DOI: 10.4103/ijpvm.IJPVM_24_17

Rights and Permissions
  Abstract 


Background: Classic phenylketonuria (PKU) is a metabolic disorder. The purpose of this study was to assess epidemiological factors of PKU phenotypes in a neonatal screening program for Mazandaran, Iran. Methods: In this descriptive-retrospective study from 2007 to 2015, neonates PKU level was conducted by phenylalanine level based on a biochemical technique by ELISA and then by confirmatory methods high performance liquid chromatography.
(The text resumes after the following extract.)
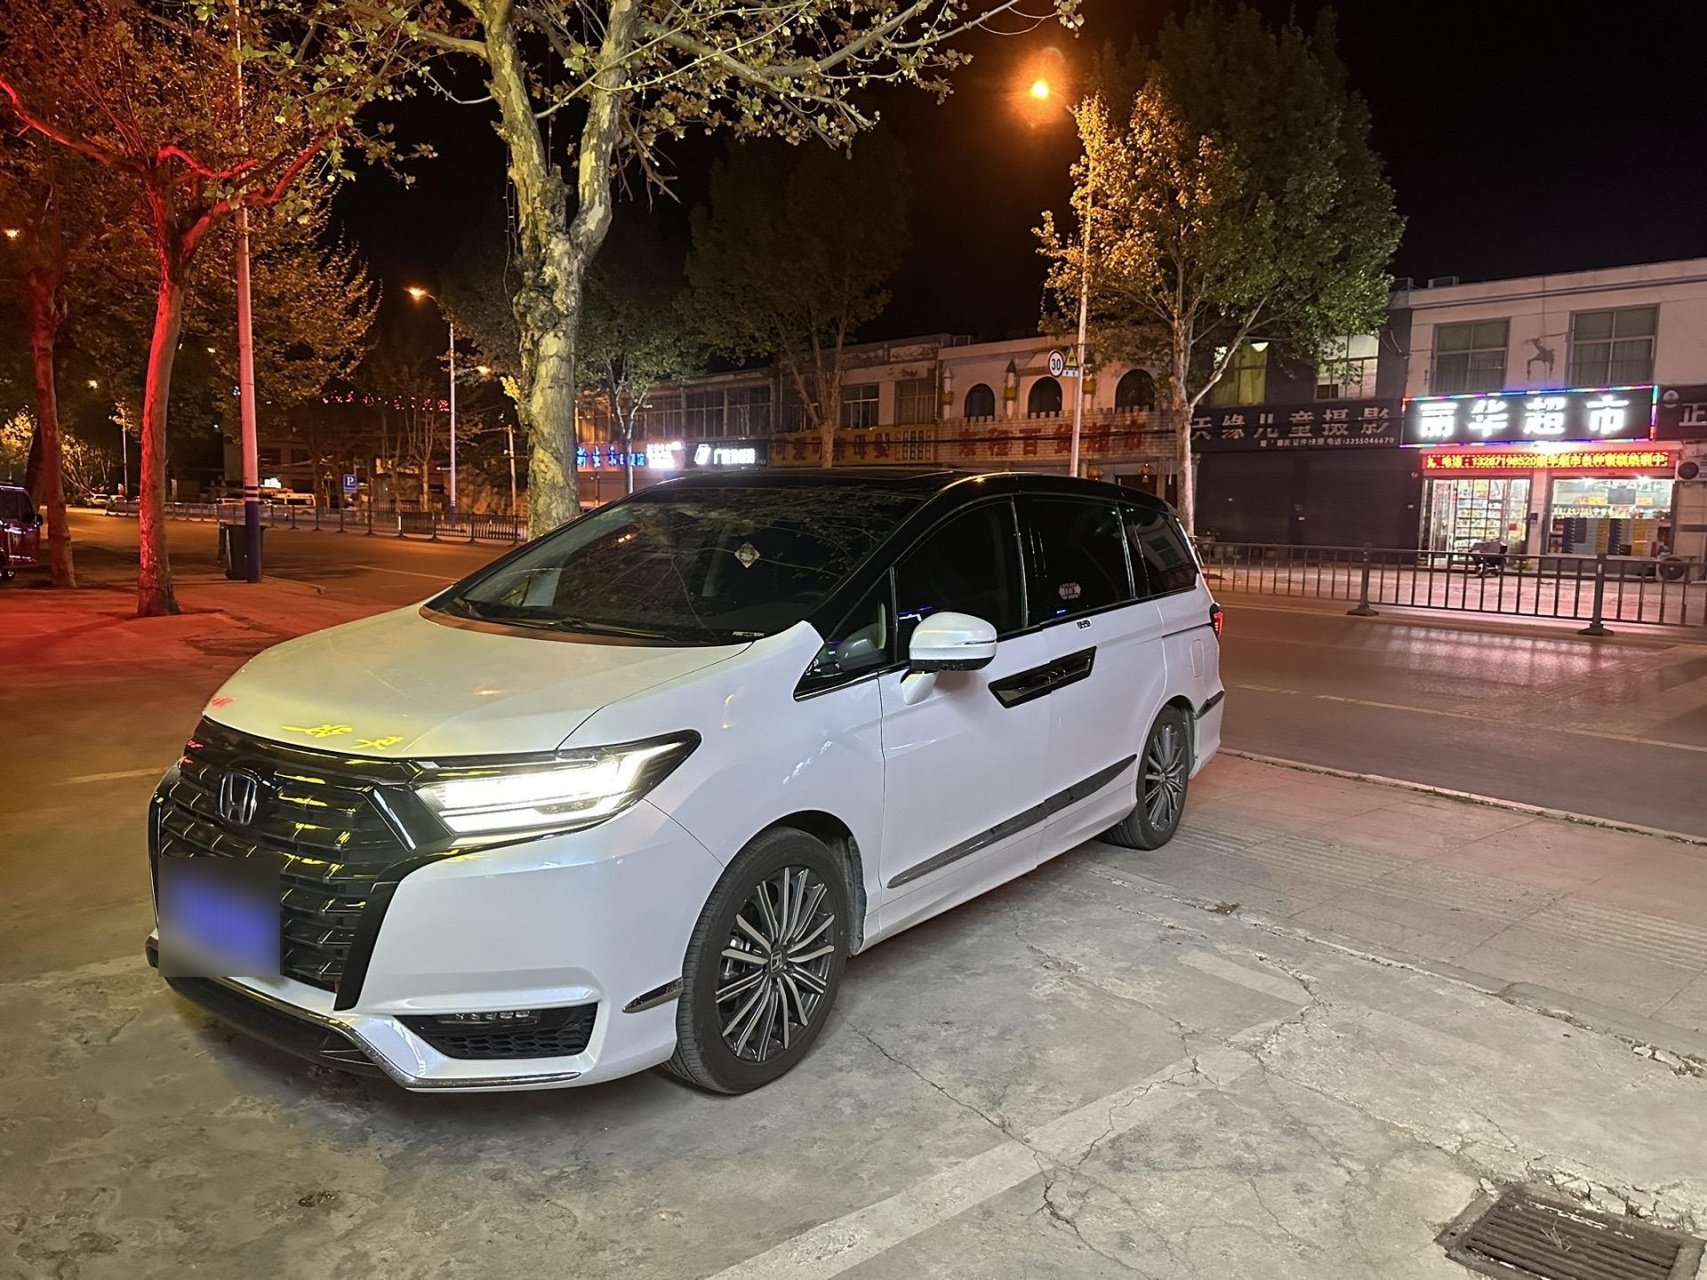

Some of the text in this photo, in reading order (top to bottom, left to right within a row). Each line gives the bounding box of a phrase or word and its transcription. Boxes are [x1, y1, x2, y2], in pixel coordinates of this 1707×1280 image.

[1051, 358, 1062, 371] 30
[1191, 408, 1390, 440] 天缘儿童摄影
[1420, 396, 1630, 437] 丽华超市
Results: Of the 407,244 screened newborns (48.7% girls and 51.3% boys), 14 girls and 13 boys were diagnosed definitely from 465 suspicious cases of PKU. The incidence of PKU was 0.66 in 10,000, which was noted in different severity (severe PKU - 1:67,874, mild PKU - 1:45,249, and HPA - 1:33,937). In addition, we did not detect any cases of nonclassic PKU. Conclusions: Although the consanguineous marriage pattern is a major cause of hyperphenylalaninemia (HPA) particularly in Iranian, there was no significant difference between groups in this study. Now, screening should be executed for all of the family that they have the familial history of PKU in Iran. According to varies actual of prevalence and incidence rate of PKU reported a real patient and taking PKU with mild PKU and HPA, it is recommended, the will provide the PKU reports based on the severity of the disease.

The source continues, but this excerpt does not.